The guy got in the truck and drove off, leaving Abe there. Abe didn’t have a cell phone, and the guy left him there for about an hour. When he got back, Abe was just sitting there on the roof, waiting, not saying a word. The kid probably realized about this time that he’d kind of overstepped the bounds of humor, so he put the ladder back up, and Abe came down.
He said he only meant to slap the guy around a little. But then the guy picked up a hammer, probably out of fear. When Abe got close enough, he hit him with it. Custalow said he was swinging for his head, but Abe moves faster than you’d think for a big man, and he only got a blow to the shoulder.
Abe says he doesn’t remember very much after that, except that when the cops got there, he was holding the hammer and the amateur comedian was lying on the asphalt driveway, most of the way to dead.
The judge gave him five years with two suspended, and Abe served almost all of it. When he got out, he found out that his family members were standing about as tall as they were when his mother got sick. His latest girlfriend (in Abe’s world, “wife” and “girlfriend” aren’t cut-and-dried terms, and legal documents are seldom involved) had moved in with some other guy.

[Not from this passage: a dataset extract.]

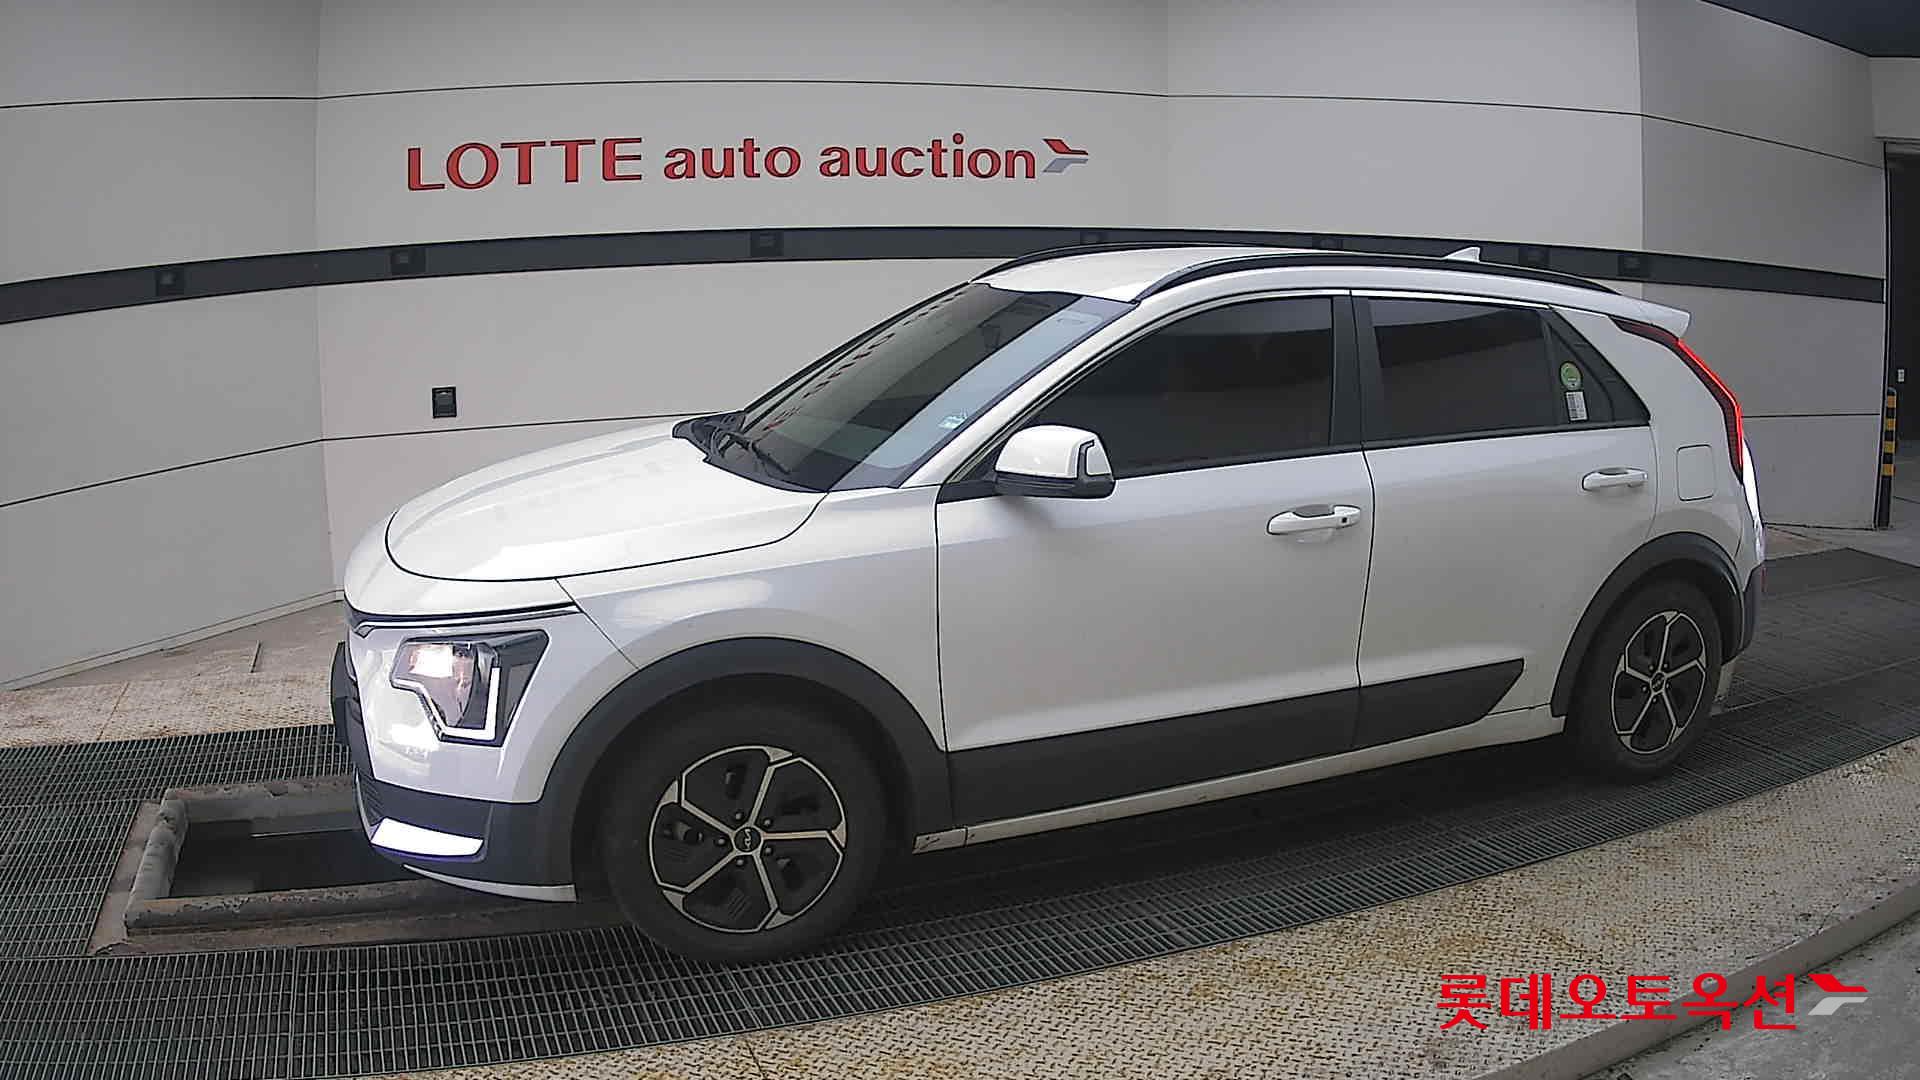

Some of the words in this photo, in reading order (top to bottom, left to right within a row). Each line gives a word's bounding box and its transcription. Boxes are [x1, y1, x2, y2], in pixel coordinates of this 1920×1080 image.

We heard that Abe was living at a homeless shelter, but nobody knew exactly where. To my discredit, I didn’t try very hard to find him. When I saw him for the first time in more than three years, he was just sitting out there in Monroe Park. He’d been right beneath my window, and I didn’t even know it.
So, Abe came to live with me. I told him he’d have to get a job, because I needed some help with the rent. By that time, I’d been paying it all on a reporter’s salary for almost a year, and my savings were turning into spendings.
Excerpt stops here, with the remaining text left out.